University of Melbourne - Law School

Abstract

In 1978, the Central Committee of the Communist Party of China (CPC) began a program of economic modernisation and reform, a core aim of which was rebuilding the Chinese legal system. The importance of this aim increased further in 1996, when the Party approved the program of 'ruling the country according to law' (yifa zhiguo). In a speech in 1996 and in his subsequent keynote address to the Fifteenth National Congress of the CCP in September 1997, Jiang Zemin advocated 'Us(ing) law to rule the country, protect the long-term peace and good order of the state (yifa zhiguo, baozhan guojia changzhi jiu'an)'. Subsequently, the Party adopted the slogan that 'ruling the country on the basis of law is the basic program by which the Party leads the people in ruling the country' (Zhu Rongji 1999:2). An increasingly important component of 'ruling the country according to law' has been a requirement that law provide the foundation on which state power is defined and exercised. That is, implementation of a system of law-based governance. The desire for formal legal legitimation of the exercise of the state's administrative power is captured in the slogan 'administration according to law' (yifa xingzheng). The process of constructing the legal system has, accurately, been described as 'an event of epic historic proportions' (Alford 1999:193). While reforms to the legal regulation of economic relations have taken place at a phenomenal rate, this chapter focuses on the slower, and arguably more complex, process of reforming state administrative powers, specifically one of the administrative detention powers of the Chinese public security organs (gong'an jiguan, also referred to in this chapter as the 'police') - detention for investigation (shourong shencha). This power is particularly interesting because it was ostensibly abolished by amendments to the Criminal Procedure Law in 1996.

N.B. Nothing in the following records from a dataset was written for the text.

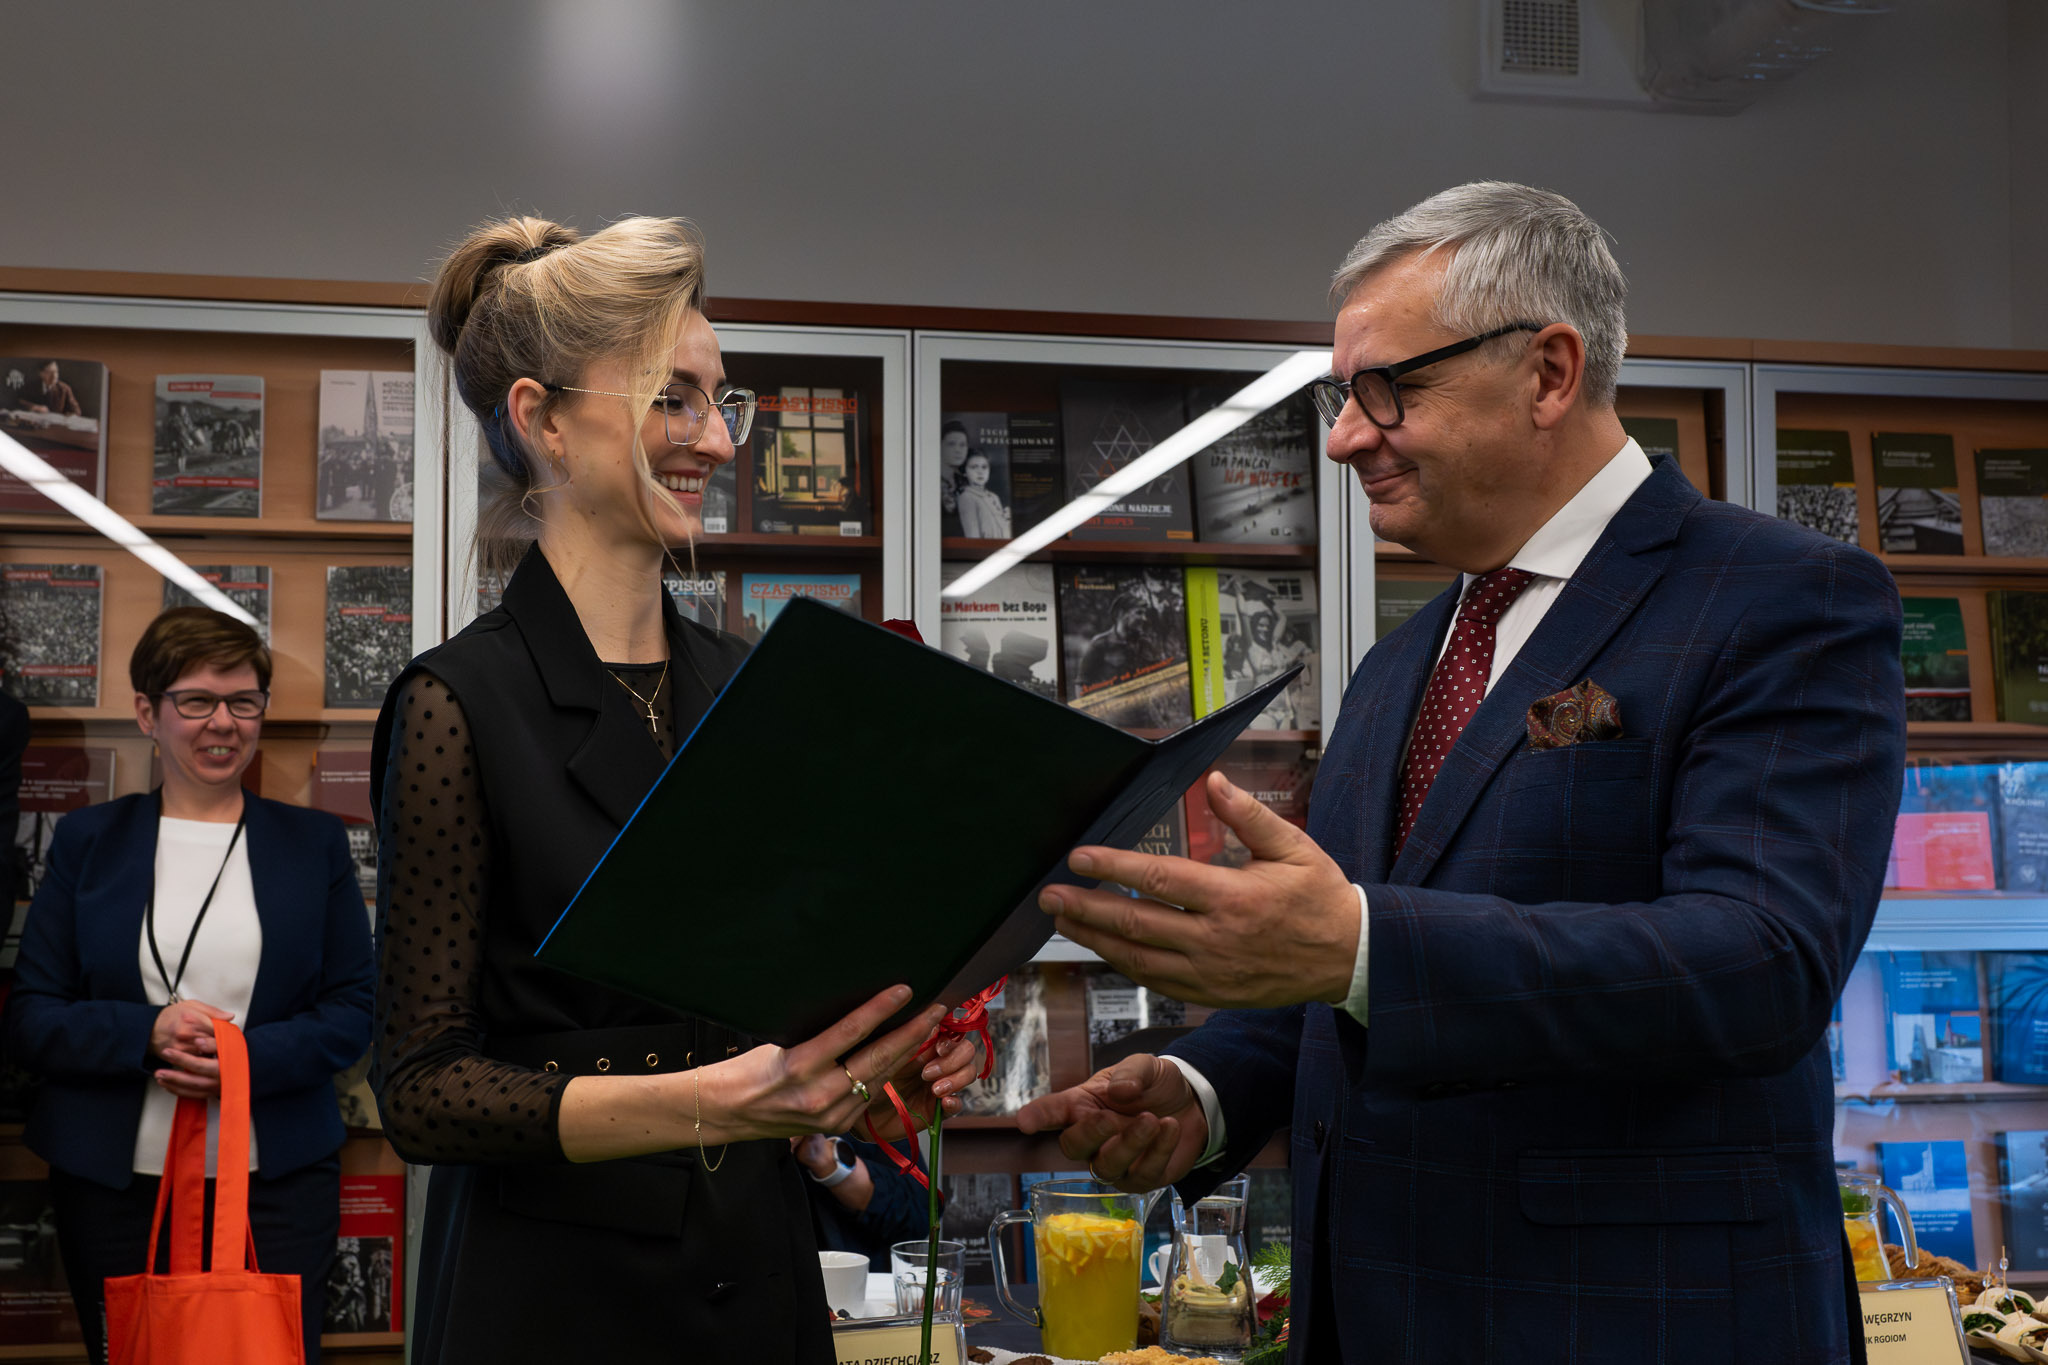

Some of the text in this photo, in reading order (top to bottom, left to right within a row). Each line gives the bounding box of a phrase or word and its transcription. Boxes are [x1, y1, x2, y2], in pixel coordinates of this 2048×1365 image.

[758, 396, 858, 411] CZASYPISMO
[980, 437, 1055, 445] PRZECHOWANE
[1128, 503, 1171, 514] NADZIEJE
[751, 583, 851, 597] CZASYPISMO
[954, 601, 1001, 613] Marksem
[1003, 602, 1020, 613] bez
[1022, 602, 1047, 614] Boga
[1200, 617, 1211, 657] BETONU
[1864, 1312, 1912, 1326] WĘGRZYN
[1874, 1333, 1906, 1344] RGOIOM
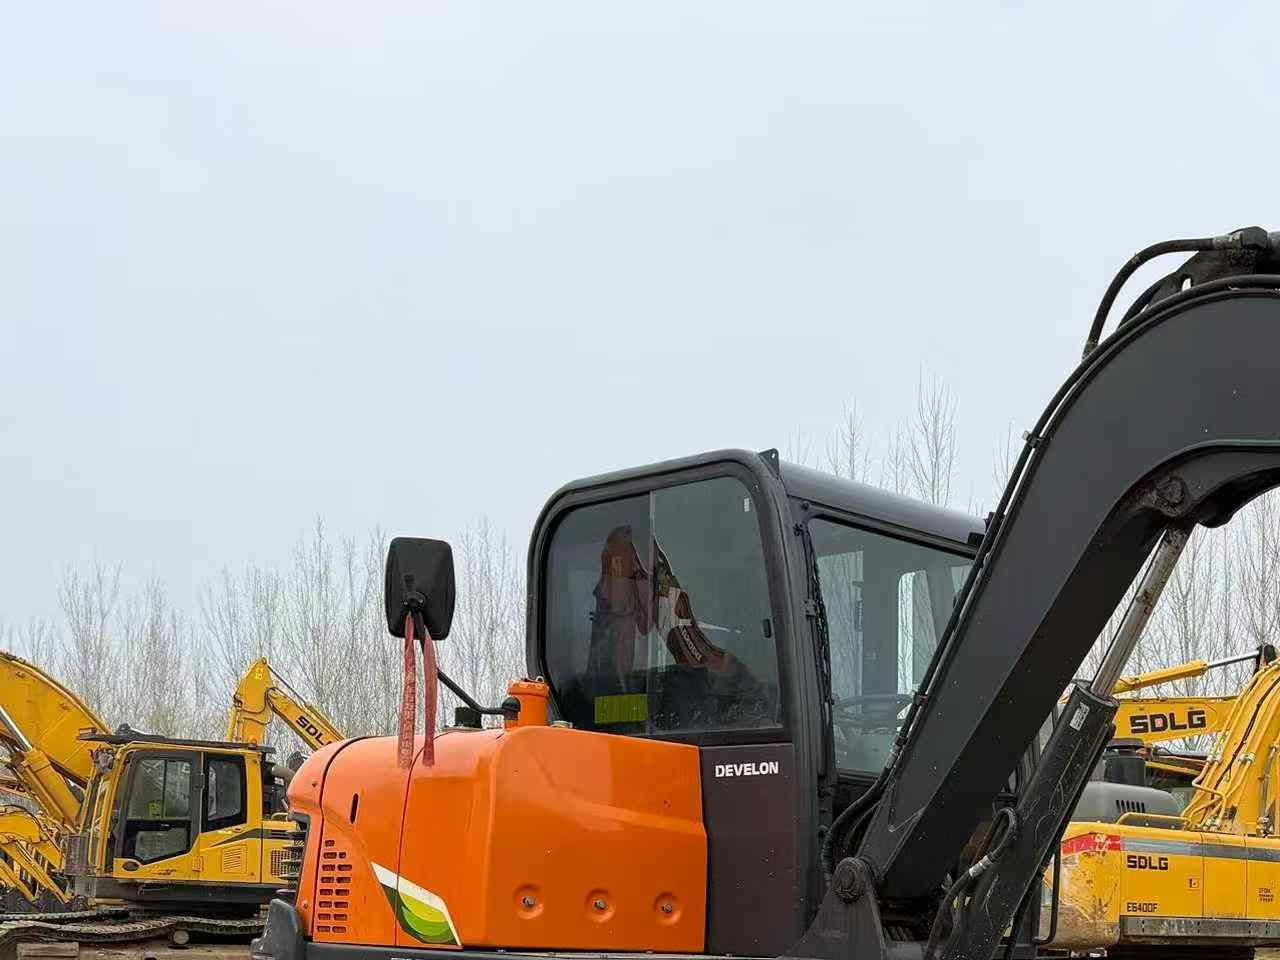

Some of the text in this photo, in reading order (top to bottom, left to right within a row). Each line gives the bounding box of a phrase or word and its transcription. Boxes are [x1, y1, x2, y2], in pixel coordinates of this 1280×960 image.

[1129, 709, 1207, 734] SDLG
[296, 715, 333, 746] SDL
[715, 761, 779, 777] DEVELON
[1126, 855, 1169, 870] SDLG
[1126, 902, 1158, 913] E6400F
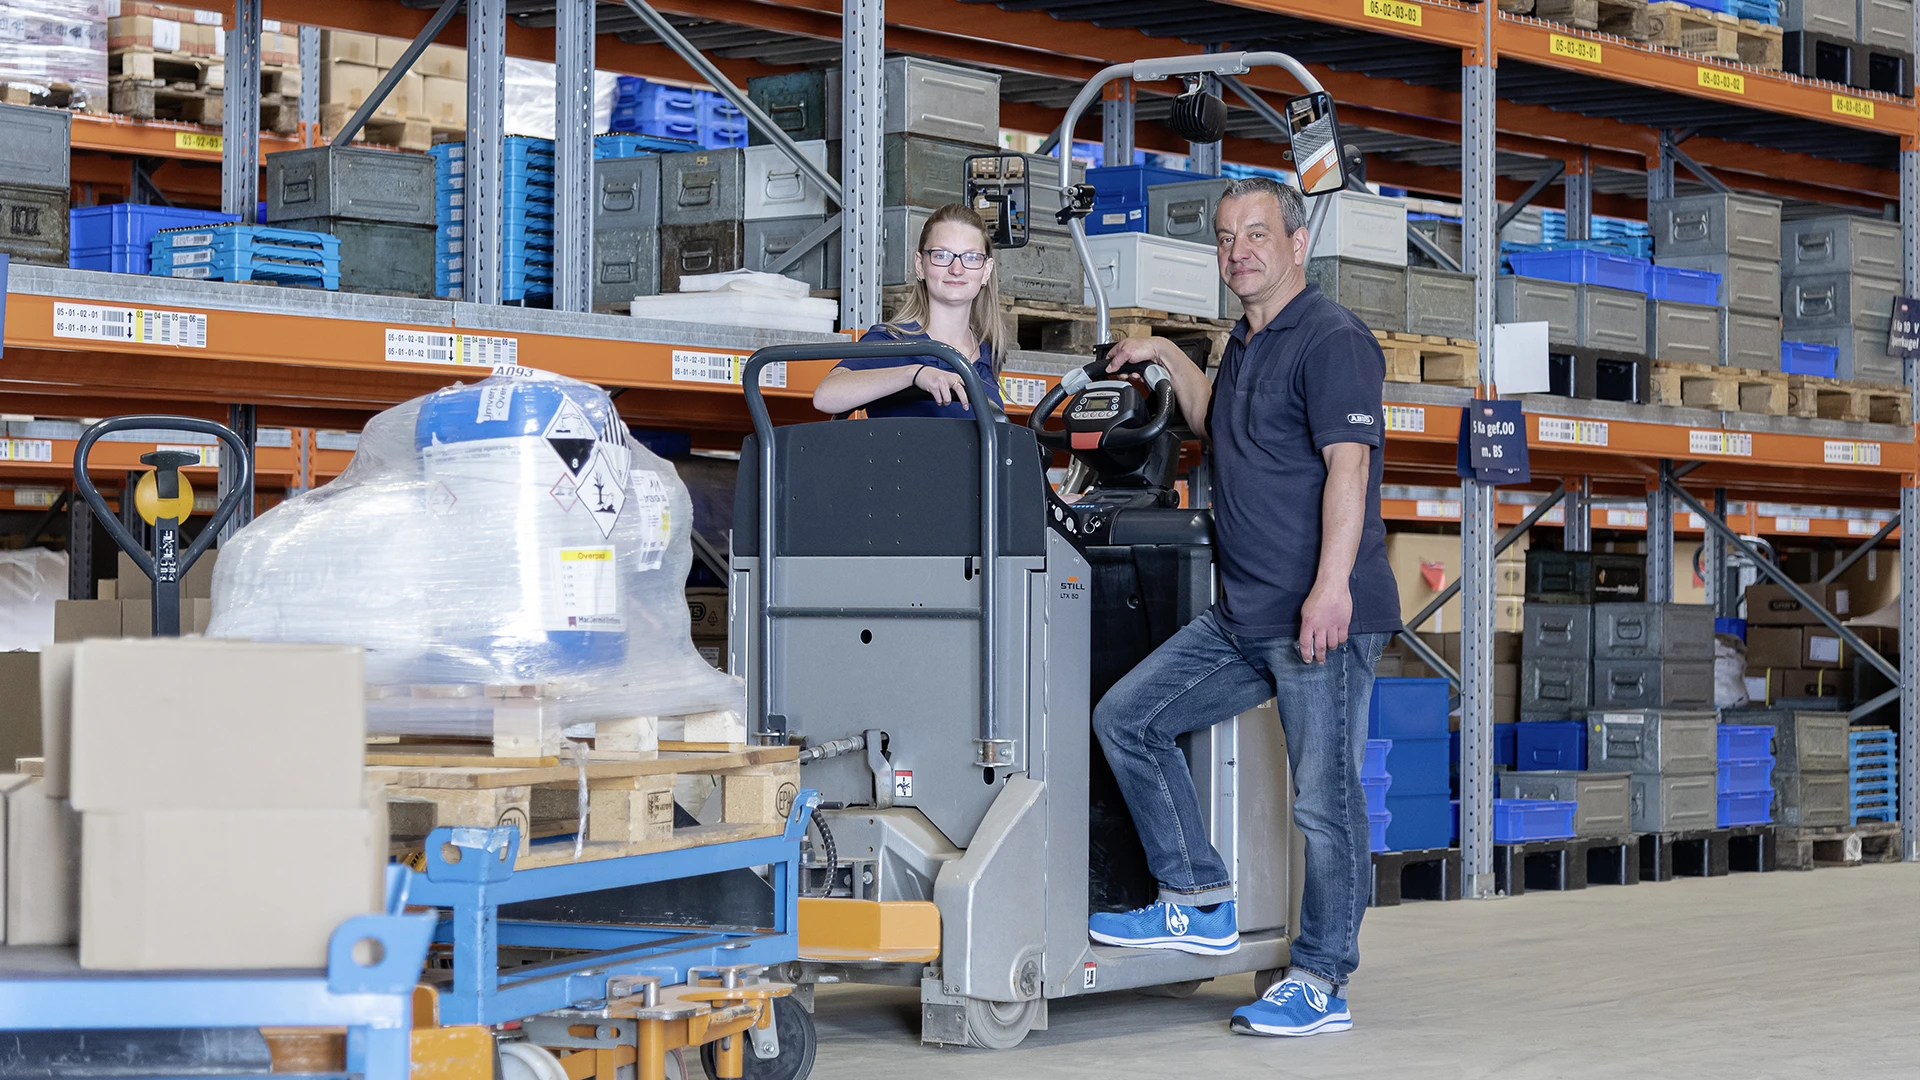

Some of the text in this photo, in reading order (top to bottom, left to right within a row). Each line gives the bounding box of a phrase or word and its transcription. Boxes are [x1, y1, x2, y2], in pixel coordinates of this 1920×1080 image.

Keywords: China, reform, police, criminal procedure law

JEL Classification: K42

Suggested Citation

Biddulph, Sarah, Mapping Legal Change in the Context of Reforms to Chinese Police Powers. U of Melbourne Legal Studies Research Paper No. 215, ASIAN SOCIALISM & LEGAL CHANGE: THE DYNAMICS OF VIETNAMESE AND CHINESE REFORM AUSTRALIA, pp. 212-238, J. Gillespie & P. Nicholson, eds., Asia Pacific Press, 2005, Available at SSRN: https://ssrn.com/abstract=969230

Sarah Biddulph (Contact Author)

University of Melbourne - Law School ( email )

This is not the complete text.